- Born: 24 March 1901 Limburg
- Died: 1 April 1991 (aged 90) Verviers
- Education: Université libre de Bruxelles
- Known for: Congruence of Lepage Calculus of variations Lepagian forms
- Scientific career
- Fields: Mathematics
- Doctoral advisor: Théophile de Donder

= Théophile Lepage =

Belgian mathematician

Théophile Henri Joseph Lepage (24 March 1901 – 1 April 1991) was a Belgian mathematician.

==Biography==
Théophile Lepage was born in Limburg on March 24, 1901. Together with Alfred Errera he founded the seminar for mathematical analysis at the ULB. This seminar played an important role in the flourishing of the department of mathematics at this university. He was professor of mathematics at the University of Liège from 1928 till 1930. He taught differential and integral calculus at the ULB from 1931 till 1956 and higher analysis from 1956 till 1971.

For 43 years he was a member of the Académie Royale des Sciences, des Lettres et des Beaux-Arts de Belgique. On June 5, 1948, he was nominated a corresponding member and on June 9, 1956, an effective member of the Académie. In 1963 he became president of the Académie and director of the Klasse Wetenschappen. He was also active in the Belgisch Wiskundig Genootschap.

He died in Verviers on April 1, 1991.

==Mathematical work==
At the ULB, the ideas and the enthusiasm of Théophile de Donder formed the foundation of a mathematical tradition.
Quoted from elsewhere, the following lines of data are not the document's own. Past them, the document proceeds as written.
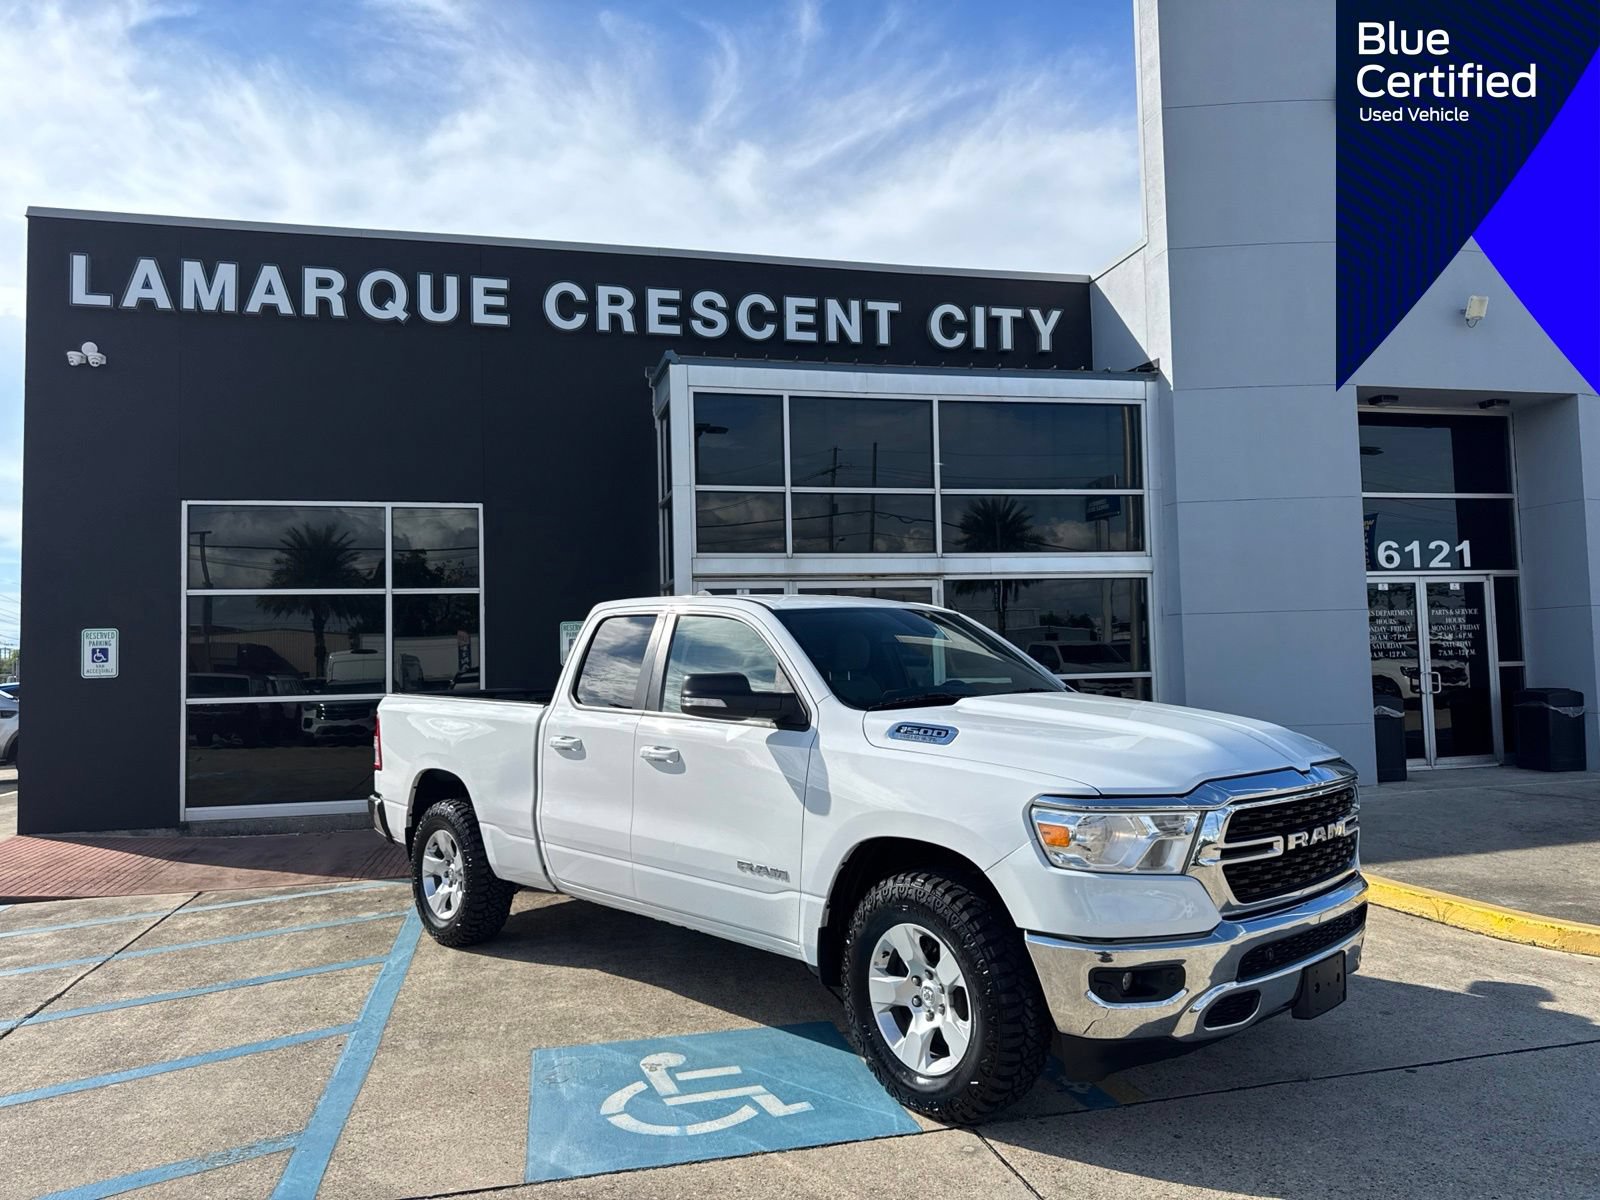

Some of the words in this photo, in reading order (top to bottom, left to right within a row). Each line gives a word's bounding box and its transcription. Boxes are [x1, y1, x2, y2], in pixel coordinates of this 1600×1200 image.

[70, 253, 510, 326] LAMARQUE
[543, 281, 900, 346] CRESCENT
[928, 303, 1064, 352] CITY
[1377, 540, 1471, 569] 6121
[85, 631, 115, 640] RESERVED
[900, 726, 947, 737] 1500
[1287, 820, 1346, 850] RAM
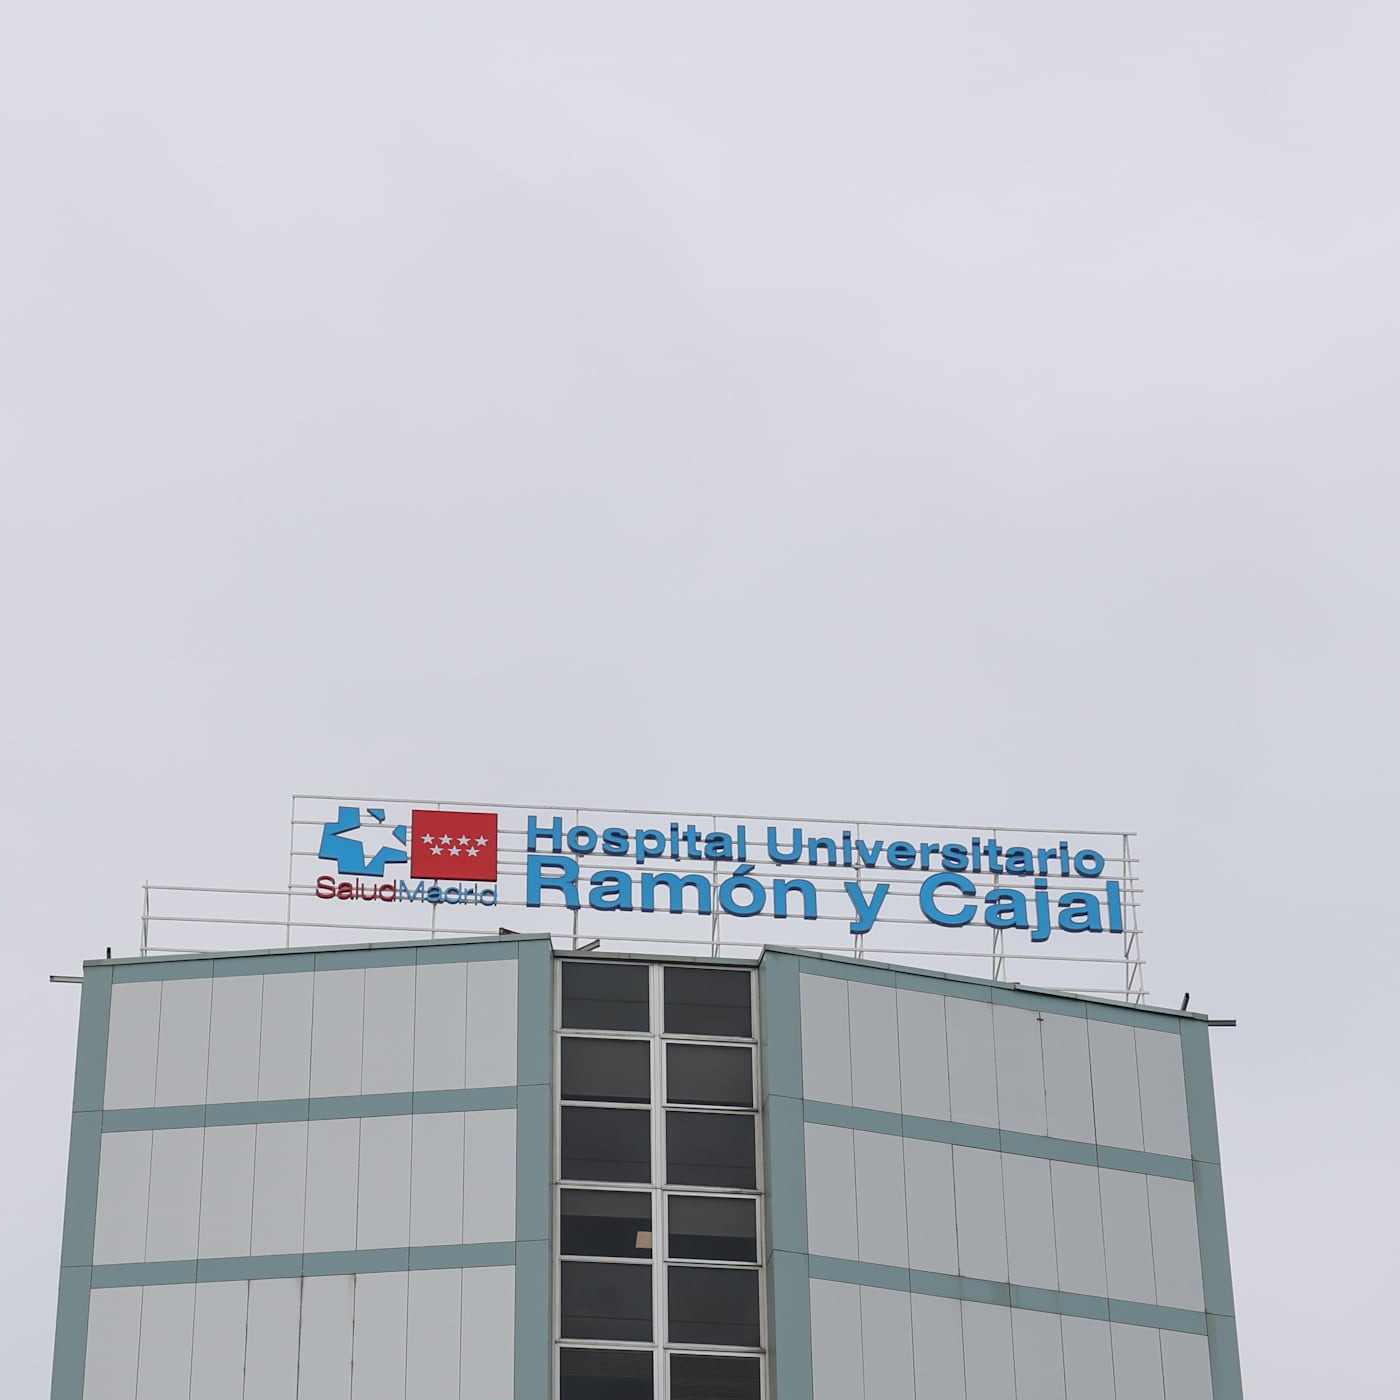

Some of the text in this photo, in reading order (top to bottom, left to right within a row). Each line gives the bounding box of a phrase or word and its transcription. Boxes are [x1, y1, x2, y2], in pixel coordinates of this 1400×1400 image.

[527, 815, 1105, 878] Hospital Universitario
[316, 875, 498, 906] SaludMadrid
[526, 854, 1124, 942] Ramón y Cajal
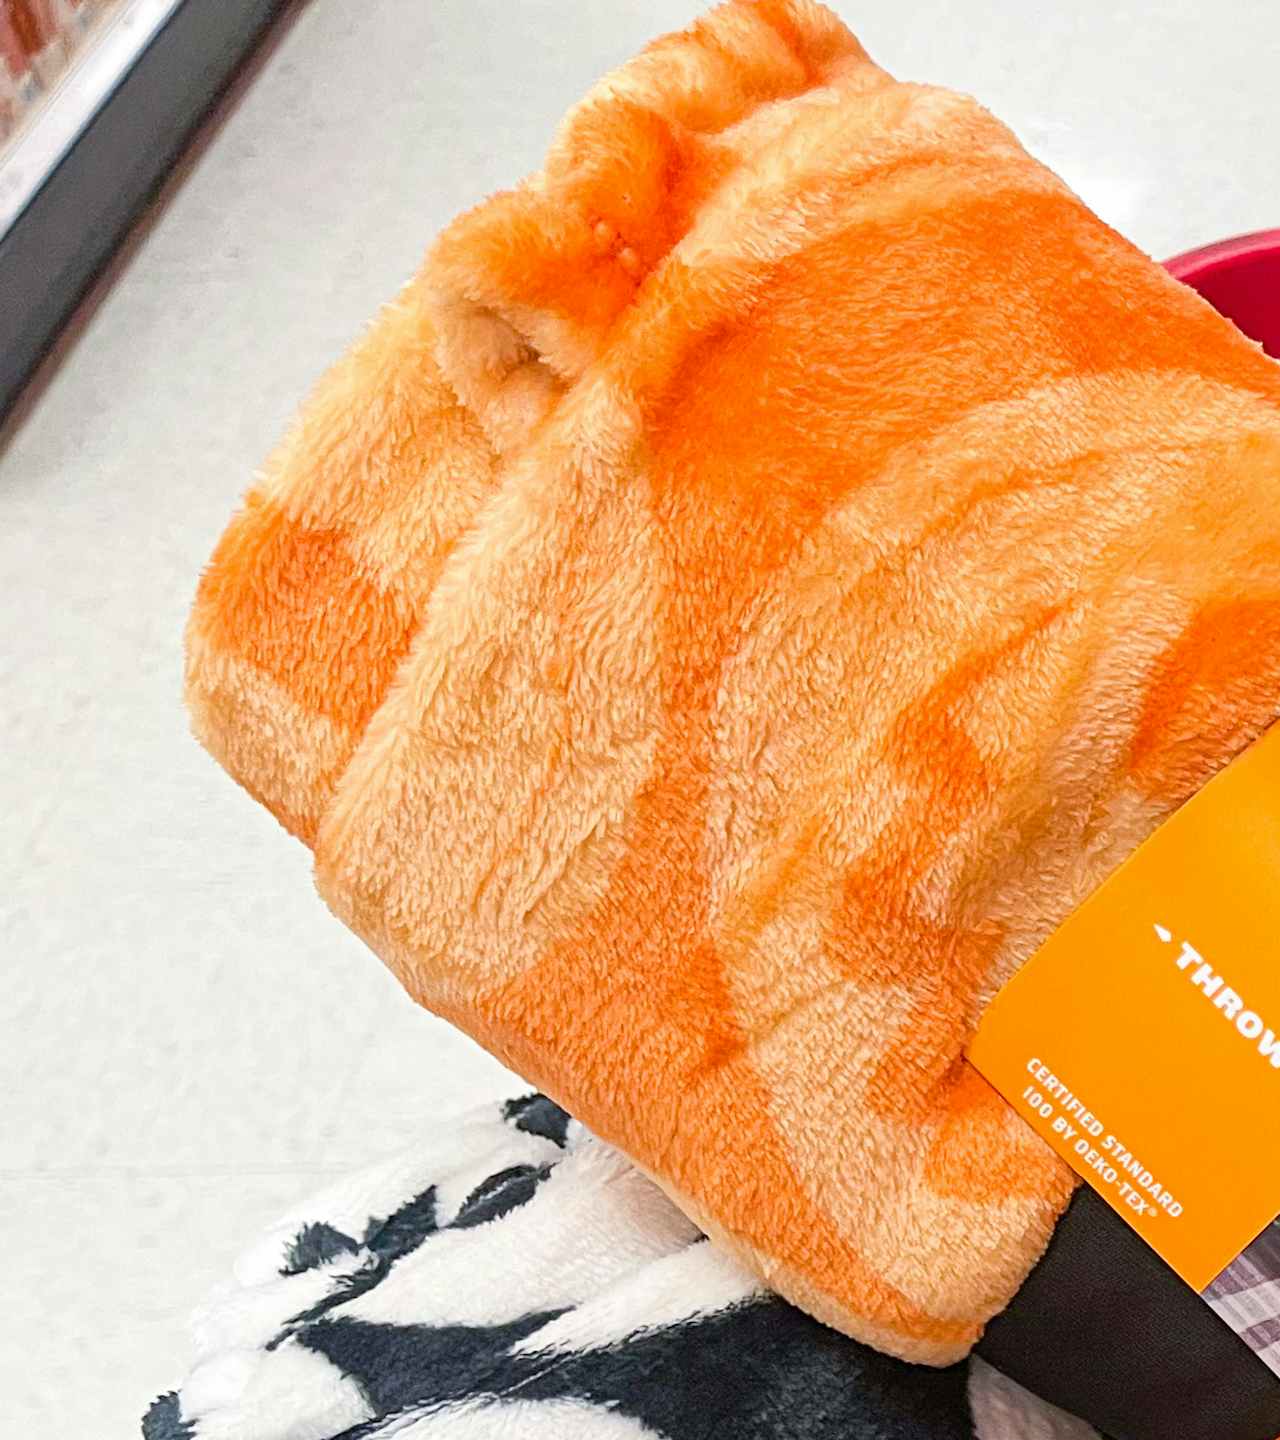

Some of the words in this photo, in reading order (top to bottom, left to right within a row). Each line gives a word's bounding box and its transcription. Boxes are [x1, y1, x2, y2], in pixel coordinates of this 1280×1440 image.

Thanks to student Théophile Lepage, external differential calculus acquired one of the most helpful methods introduced in mathematics during the 20th century, and one for which De Donder was a pioneer, presenting new applications in the resolution of a classical problem—the partial differential equation of Monge-Ampère—and in the synthesis of the methods of Théophile de Donder, Hermann Weyl and Constantin Carathéodory into a calculus of variations of multiple integrals.

Thanks to the use of differential geometry, it is possible to avoid long and boring calculations. The results of Lepage were named in reference works. His methods are still inspiring contemporary mathematicians: Boener and Sniatycki talked about the congruence of Lepage; not so long ago, Demeter Krupka, introduced—beside the eulerian forms which correspond to the classical equations of the calculus of variations of Euler—the so-called lepagian forms or equivalents of Lepage in equations of variations on fiber spaces.

We also have Lepage to thank for interesting results concerning linear representations of the symplectic group, and more specifically Lepage's dissolution of an outer potency of the product of an even number of duplicates of a complex surface.